HR-Know-how aus der Praxis für die Praxis

Inhalt

Führung bedeutet mehr als Prozesse steuern – es geht darum, Menschen zu inspirieren und ihr Potenzial zu entfalten. Positive Leadership zeigt, wie das gelingt – fundiert, wirksam und alltagstauglich.

Gast-Autor: Markus Ebner, www.perma-lead.com

Die Welt der Führungskonzepte gleicht manchmal einem überfüllten Bücherregal: Ob Transformational, Servant, Situational oder Agil – die Auswahl ist schier endlos. Führungskräfte fühlen sich oft wie in einem Supermarkt der Leadershiptheorien.

Der Beitrag von Markus Ebner legt klar, wie Positive Leadership zur Potenzialentfaltung beiträgt und welche Aspekte dabei wichtig sind.

Kernaspekte des Positive Leadership

Positive Leadership zeichnet sich durch drei zentrale Aspekte aus. Zunächst stellt es eine klare Unterscheidung zwischen Management und Leadership heraus: Während Management Prozesse steuert, inspiriert Leadership Menschen und schafft ein Umfeld für Innovation und Engagement. Positive Leadership rückt den Menschen in den Mittelpunkt.

Ein weiterer wichtiger Aspekt ist die Evidenzbasierung, also der Wirkungsnachweis durch wissenschaftliche Studien. Dieser Ansatz bietet Führungskräften somit klare Handlungsrichtlinien, die nachweislich wirken.

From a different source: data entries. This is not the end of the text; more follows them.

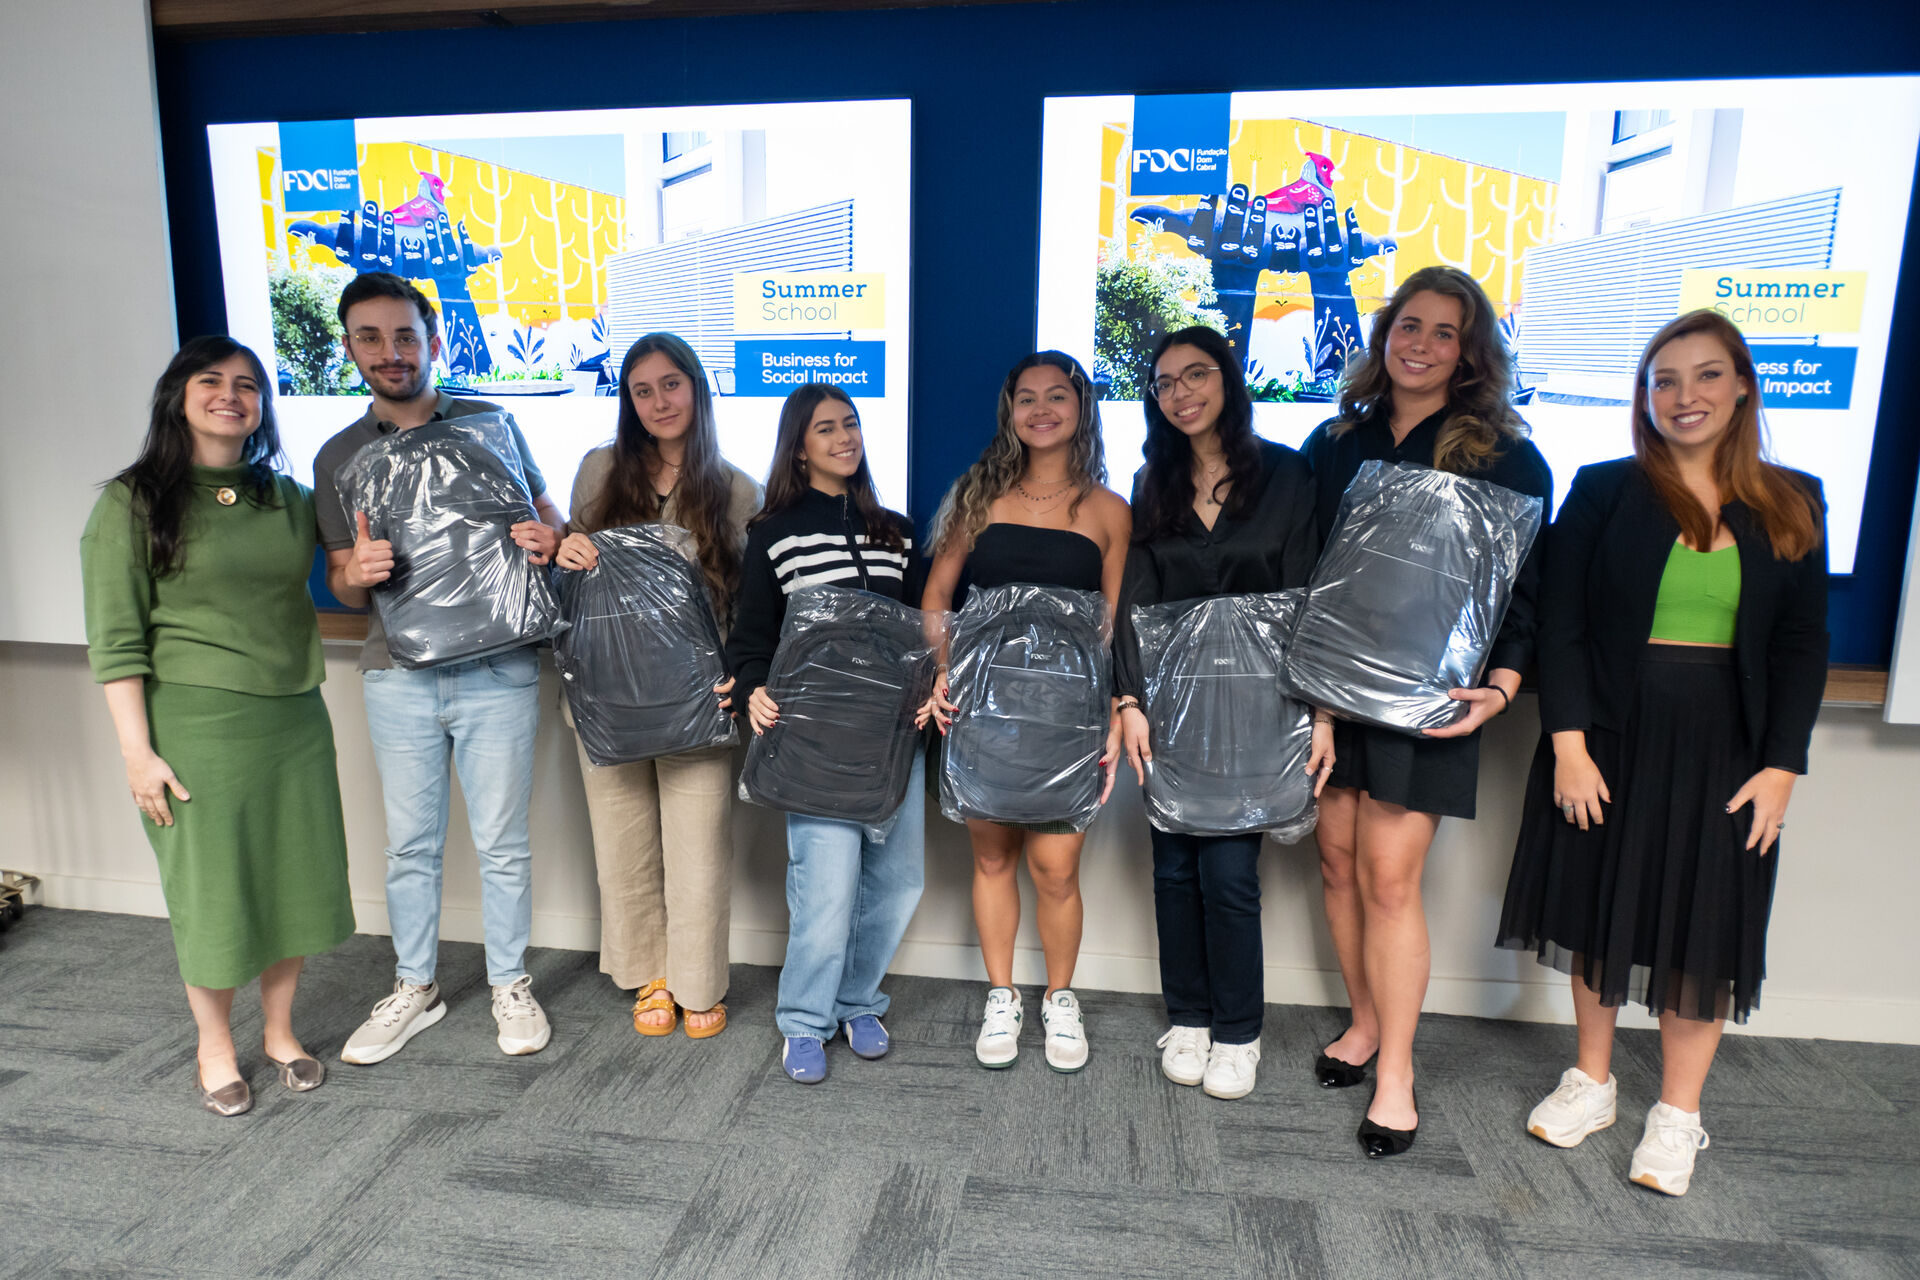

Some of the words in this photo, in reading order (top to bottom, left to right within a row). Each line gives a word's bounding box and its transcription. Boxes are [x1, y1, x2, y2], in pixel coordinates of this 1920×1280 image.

[1132, 148, 1190, 173] FDC
[1196, 148, 1228, 157] Fundação
[1195, 163, 1217, 171] Cabral
[283, 168, 329, 191] FDC
[762, 279, 867, 299] Summer
[1715, 276, 1845, 298] Summer
[762, 301, 837, 321] School
[1714, 301, 1805, 323] School
[762, 352, 831, 367] Business
[834, 352, 857, 367] for
[1793, 359, 1822, 375] for
[762, 369, 808, 384] Social
[812, 369, 868, 386] Impact
[1764, 378, 1833, 398] Impact

Schließlich fokussiert Positive Leadership auf Stärken anstatt auf Schwächen. Diese Haltung motiviert Teams, baut auf vorhandenen Potenzialen auf und schafft nachhaltige Erfolge. So verbindet Positive Leadership wissenschaftliche Fundierung mit praxisnaher Umsetzung.

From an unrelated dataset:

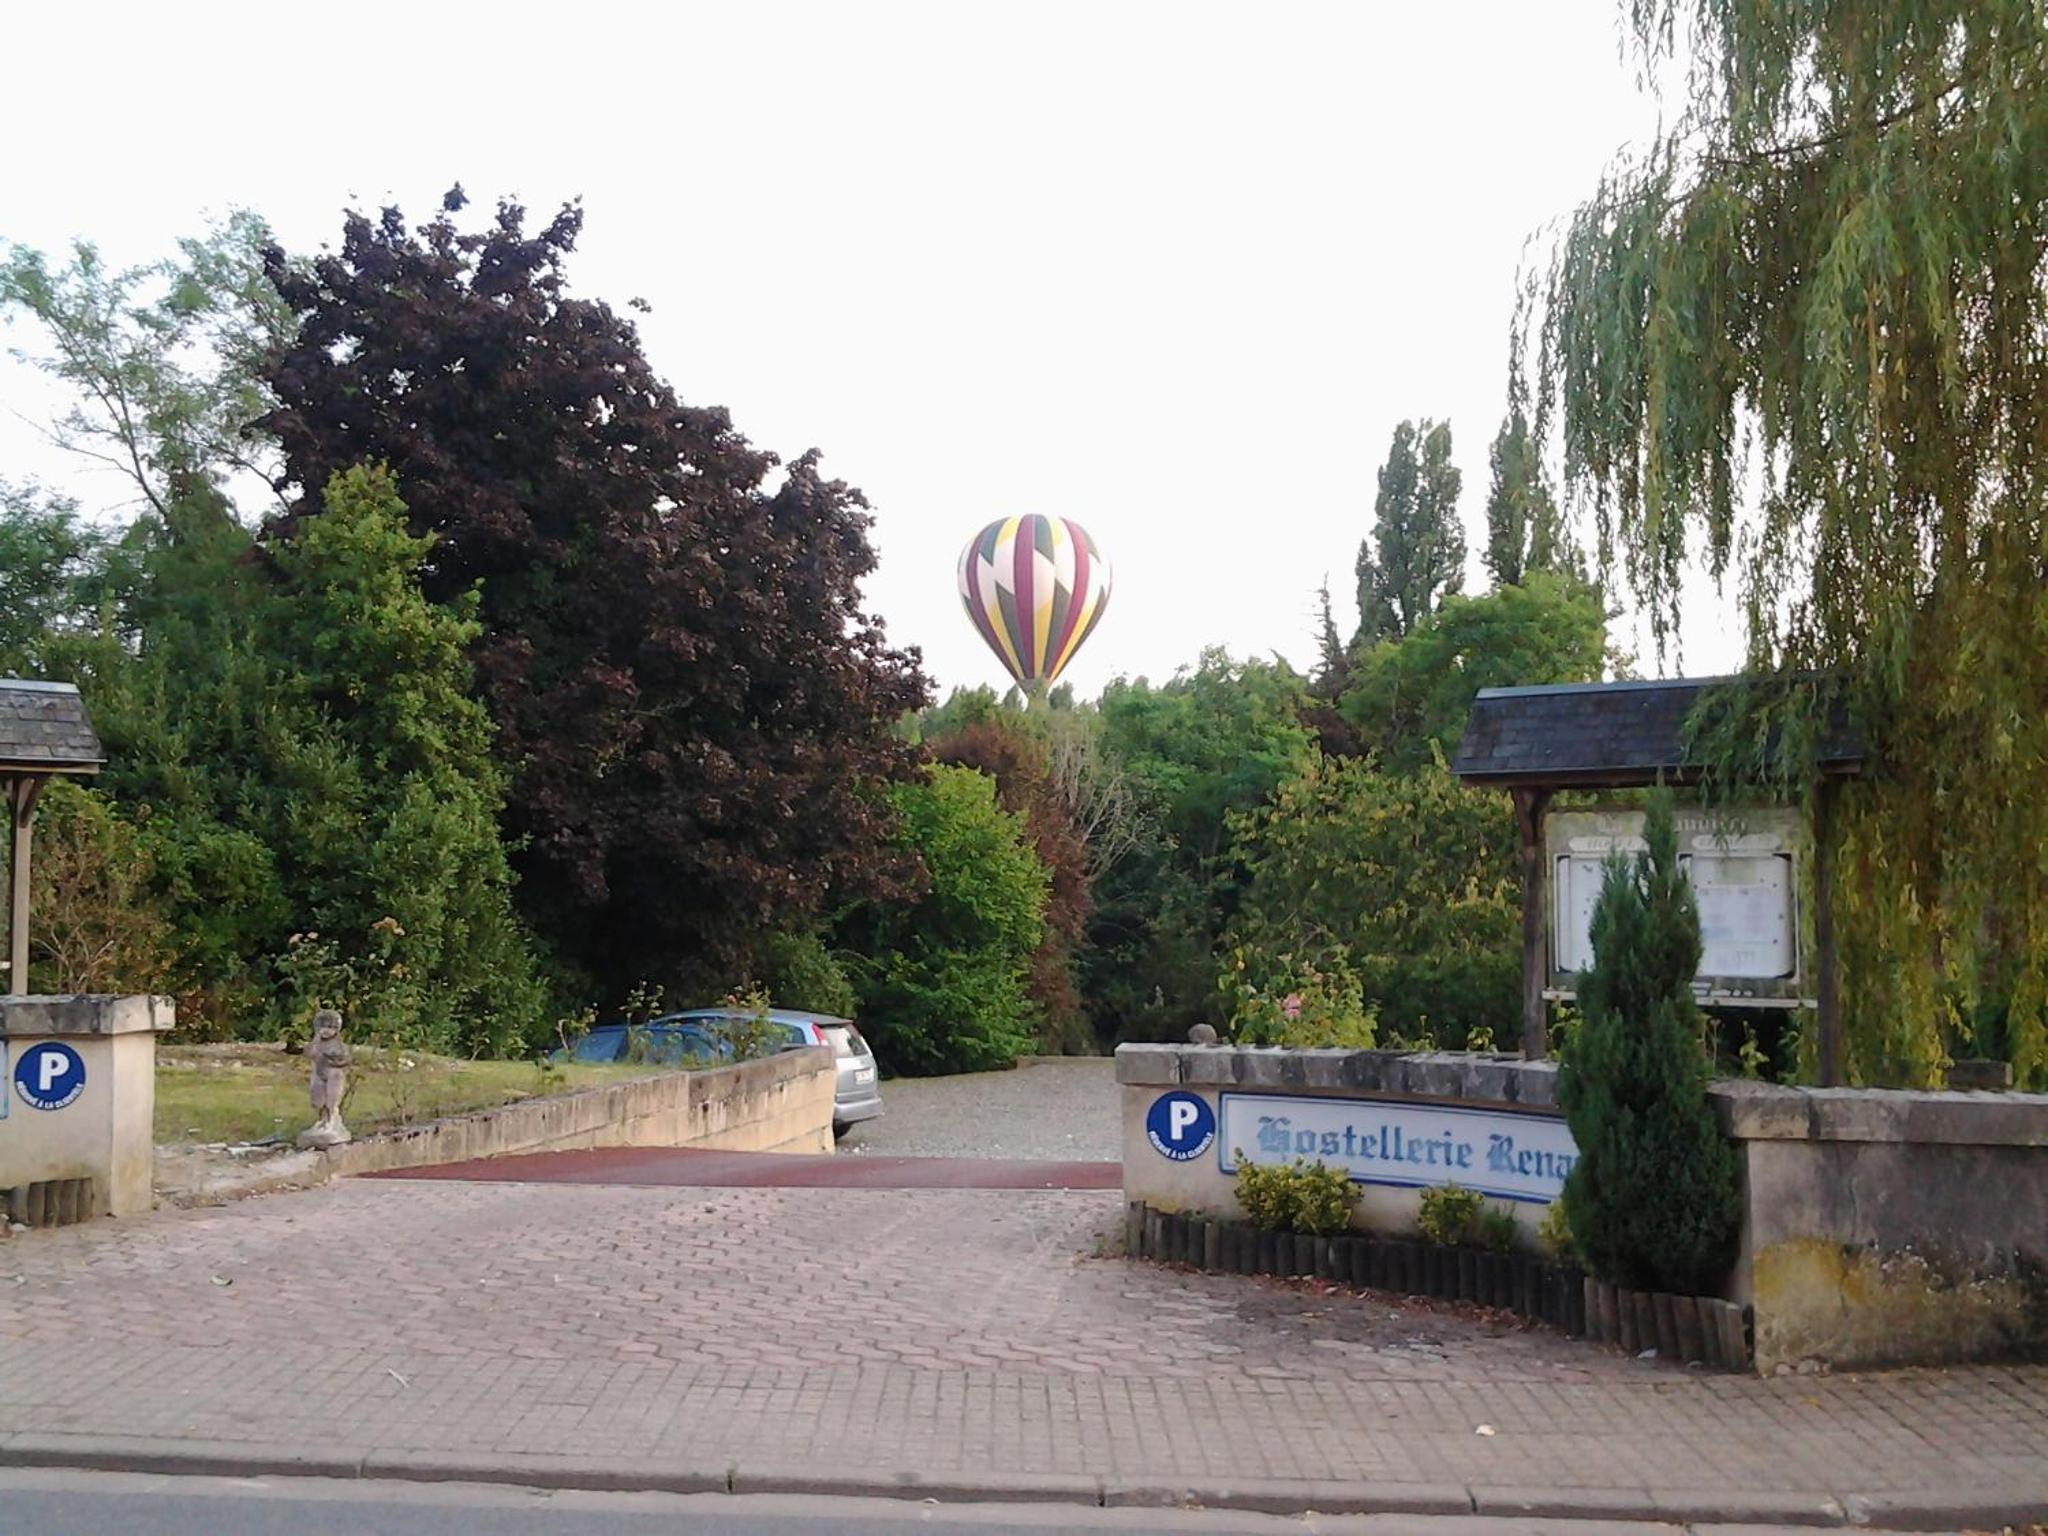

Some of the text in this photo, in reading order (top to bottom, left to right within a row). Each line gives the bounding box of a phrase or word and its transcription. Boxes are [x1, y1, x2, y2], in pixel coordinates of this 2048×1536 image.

Die Positive Psychologie als Grundlage für Positive Leadership

Die Positive Psychologie wurde vor ca. 25 Jahren begründet, um herauszufinden, was Menschen wachsen lässt und sie zu ihrem besten Selbst bringt. Als Grundlage für dieses Forschungsgebiet wurde das PERMA-Modell entwickelt (Seligman, 2012). Es beschreibt die fünf Schlüsselfaktoren für die Potenzialentfaltung von Menschen bzw. das „Flourishing“, wie es im Original heißt:

P: Positive Emotions (positive Emotionen), E: Engagement (sich einbringen können), R: Relationships (tragfähige Beziehungen), M: Meaning (Sinn erleben), A: Accomplishment.

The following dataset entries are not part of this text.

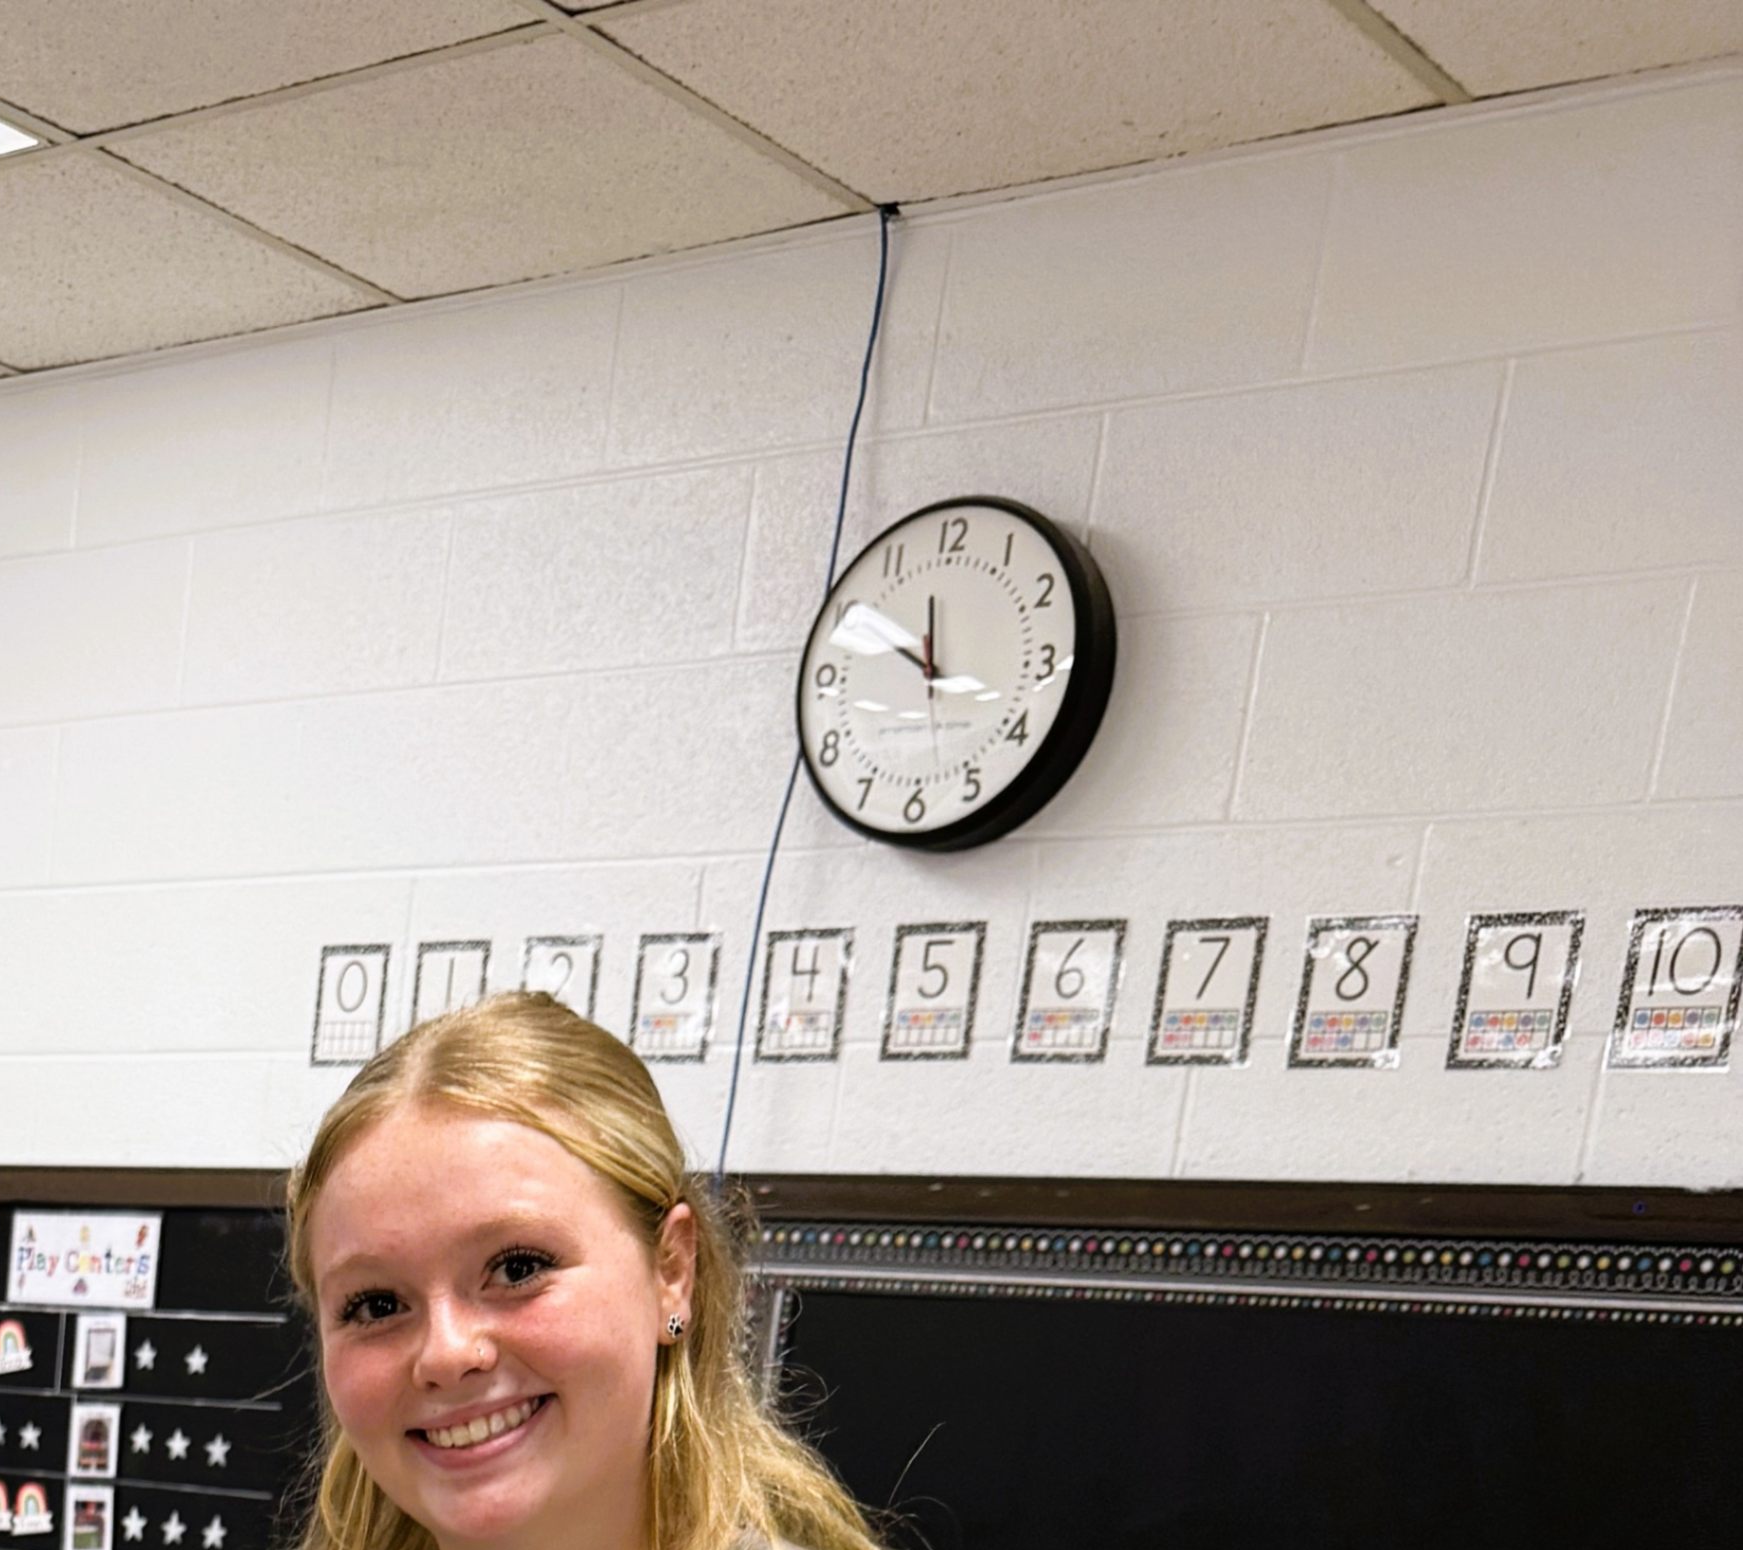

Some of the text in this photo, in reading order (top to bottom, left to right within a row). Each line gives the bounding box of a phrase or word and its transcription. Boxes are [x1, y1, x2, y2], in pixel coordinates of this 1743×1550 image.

[938, 518, 968, 554] 12
[1003, 532, 1014, 567] 1
[883, 543, 904, 579] 11
[1033, 573, 1055, 609] 2
[1036, 643, 1056, 681] 3
[816, 663, 836, 700] 9
[1005, 709, 1029, 747] 4
[819, 729, 840, 768] 8
[857, 777, 873, 811] 7
[962, 768, 981, 803] 5
[903, 788, 926, 823] 6
[335, 960, 368, 1013] 0
[658, 947, 690, 1005] 3
[792, 943, 822, 1004] 4
[917, 939, 955, 1000] 5
[1054, 937, 1086, 1000] 6
[1194, 936, 1231, 1001] 7
[1334, 936, 1379, 1001] 8
[1503, 932, 1543, 1000] 9
[1647, 925, 1723, 997] 10
[17, 1246, 150, 1277] Play Centers

PERMA liefert Bausteine, die menschliches Wachstum und Entfaltung fördern, ähnlich wie Nährstoffe eine Pflanze gedeihen lassen. Wenn dieses Modell nachweislich Potenziale entfaltet, sollte es auch die Basis für gutes Führungsverhalten sein. Doch in der Realität zeigt sich oft das Gegenteil: Führung ist häufig defizitorientiert. Feedback beschränkt sich meist darauf, Fehler zu benennen oder Defizite auszumerzen, statt Stärken sichtbar zu machen.

PERMA-Lead: Ein praktischer und evidenzbasierter Führungsansatz

Wie kann Führung also gestaltet werden, um das PERMA der Mitarbeitenden gezielt zu fördern? Mit dieser Fragestellung haben mein Team und ich vor einigen Jahren das PERMA-Modell zu einem Führungsmodell – dem PERMA-Lead-Modell – weiterentwickelt (Ebner, 2024b).

Positive Leadership PERMA-Lead
Abbildung 1: PERMA-Lead-Modell

P-Lead: Als Führungskraft zu Positiven Emotionen beitragen

In den letzten Jahrzehnten haben Studien gezeigt, wie stark eine positive Stimmung die Leistungsfähigkeit und Kreativität von Menschen beeinflusst.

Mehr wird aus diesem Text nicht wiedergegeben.